- _Required work_
Please set out each line below exactly as it stands, without the images.

______________________________

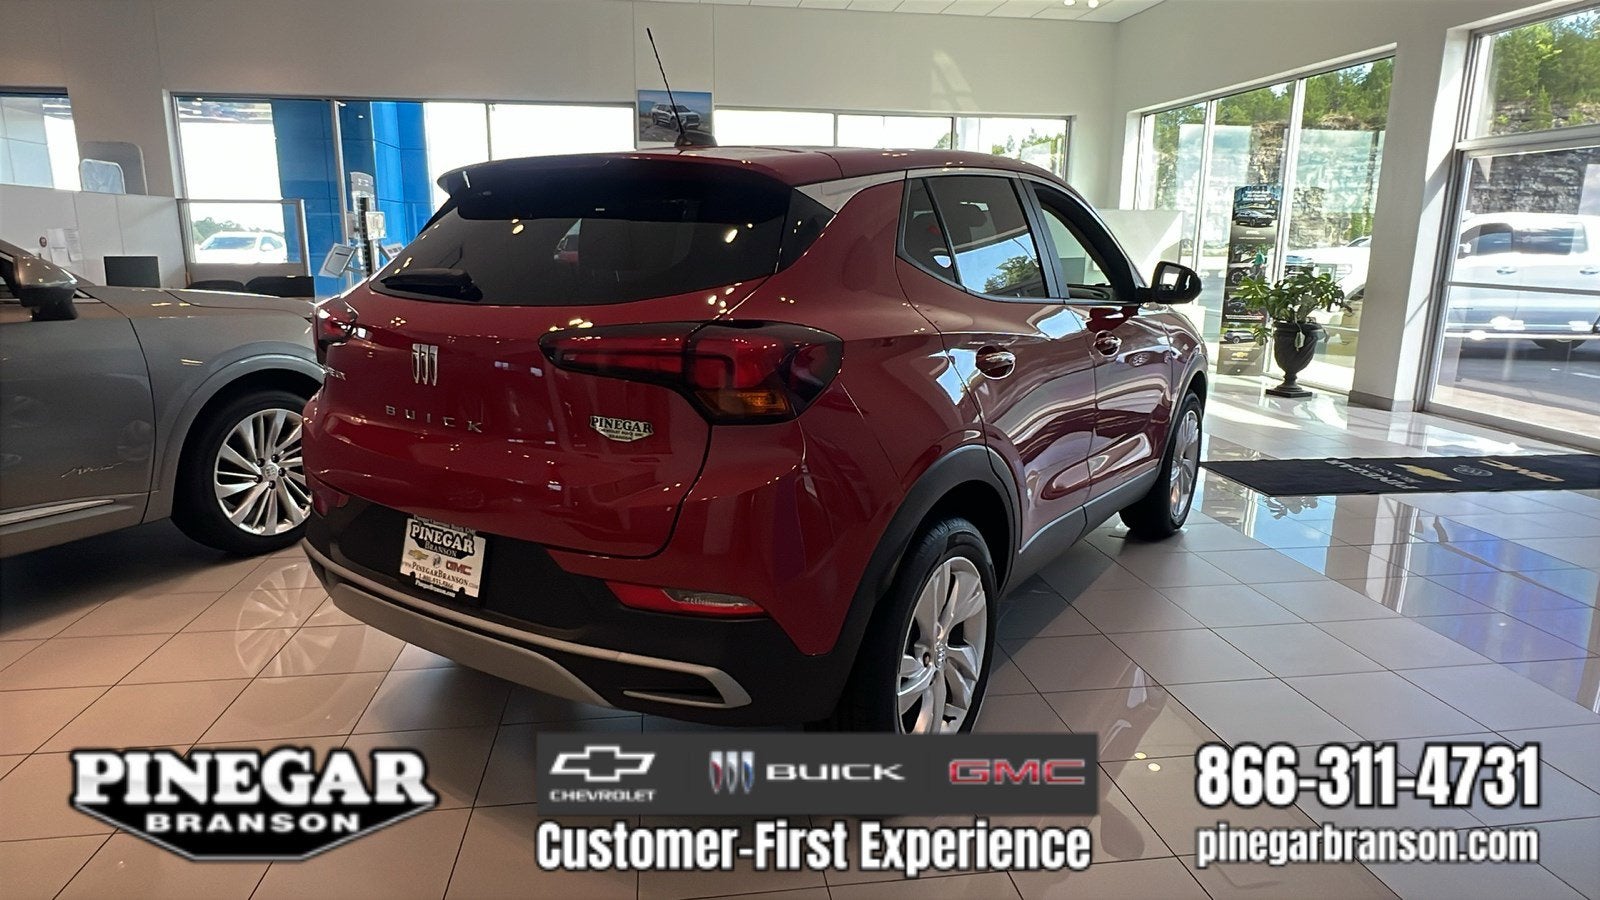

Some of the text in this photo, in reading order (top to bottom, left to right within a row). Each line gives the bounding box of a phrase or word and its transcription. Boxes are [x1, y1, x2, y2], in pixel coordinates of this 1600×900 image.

[385, 405, 483, 433] BUICK
[591, 417, 653, 433] PINEGAR
[411, 524, 474, 554] PINEGAR
[425, 540, 458, 557] BRANSON
[446, 560, 472, 576] GMC
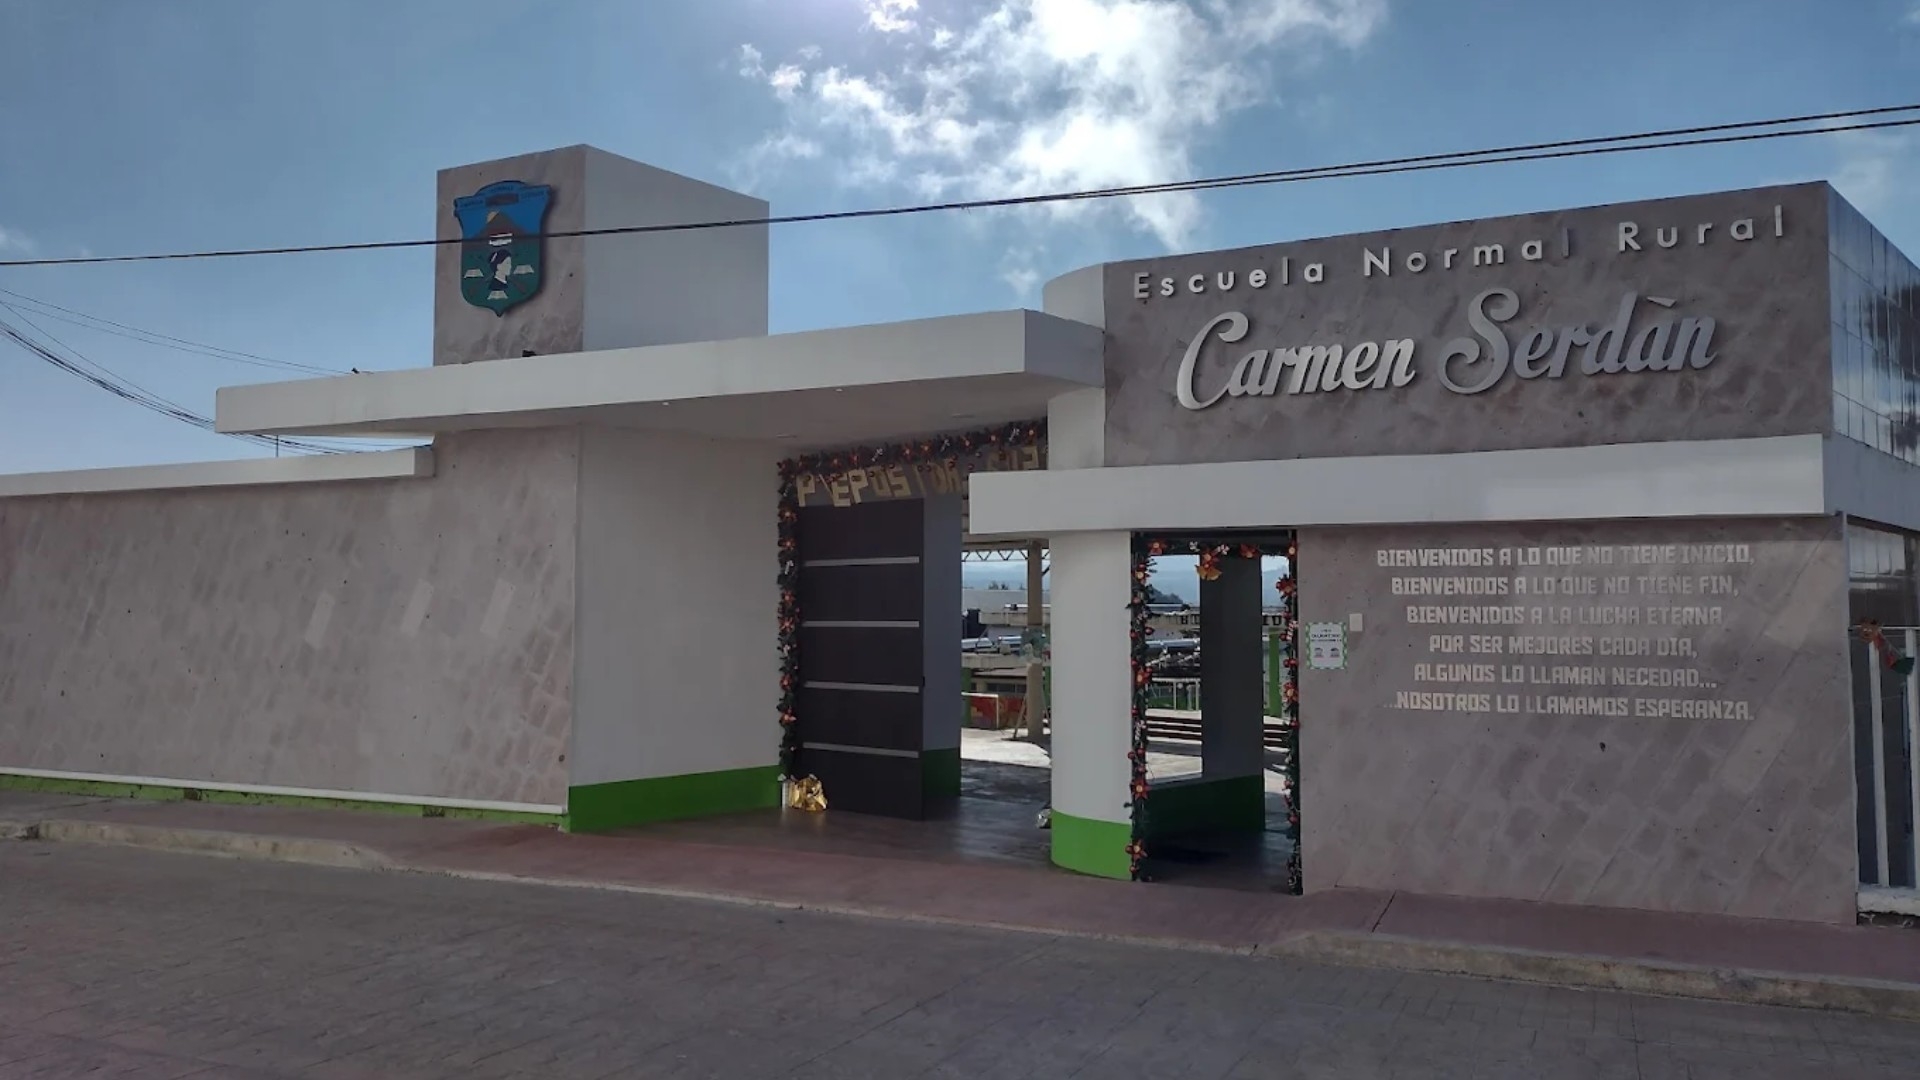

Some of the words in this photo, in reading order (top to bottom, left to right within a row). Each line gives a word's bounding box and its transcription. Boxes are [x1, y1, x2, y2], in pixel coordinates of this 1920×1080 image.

______________________________

- _Problem solution_
Some of the text in this photo, in reading order (top to bottom, left to right within a row). Each line gives the bounding box of a phrase or word and its transcription. Boxes are [x1, y1, x2, y2], in pixel coordinates of this 1600×900 image.

[385, 405, 483, 433] BUICK
[591, 417, 653, 433] PINEGAR
[411, 524, 474, 554] PINEGAR
[425, 540, 458, 557] BRANSON
[446, 560, 472, 576] GMC

Some of the words in this photo, in reading order (top to bottom, left to right within a row). Each line gives a word's bounding box and its transcription. Boxes are [x1, y1, x2, y2], in pixel coordinates of this 1920×1080 image.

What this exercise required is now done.